→ PROMPT:
Reproduce the data, keeping every word exactly as it is.
[Opening MATERIAL SUPPLIED section]
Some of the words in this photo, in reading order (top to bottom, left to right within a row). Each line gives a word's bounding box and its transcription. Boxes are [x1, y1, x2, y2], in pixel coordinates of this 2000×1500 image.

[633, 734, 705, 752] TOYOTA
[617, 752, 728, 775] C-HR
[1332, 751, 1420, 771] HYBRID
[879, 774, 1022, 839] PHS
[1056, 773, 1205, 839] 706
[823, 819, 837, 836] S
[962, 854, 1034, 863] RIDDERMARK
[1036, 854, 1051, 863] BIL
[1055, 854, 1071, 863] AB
[Closing MATERIAL SUPPLIED section]
→ SOLUTION FOR THIS PROBLEM:
Some of the words in this photo, in reading order (top to bottom, left to right within a row). Each line gives a word's bounding box and its transcription. Boxes are [x1, y1, x2, y2], in pixel coordinates of this 2000×1500 image.

[633, 734, 705, 752] TOYOTA
[617, 752, 728, 775] C-HR
[1332, 751, 1420, 771] HYBRID
[879, 774, 1022, 839] PHS
[1056, 773, 1205, 839] 706
[823, 819, 837, 836] S
[962, 854, 1034, 863] RIDDERMARK
[1036, 854, 1051, 863] BIL
[1055, 854, 1071, 863] AB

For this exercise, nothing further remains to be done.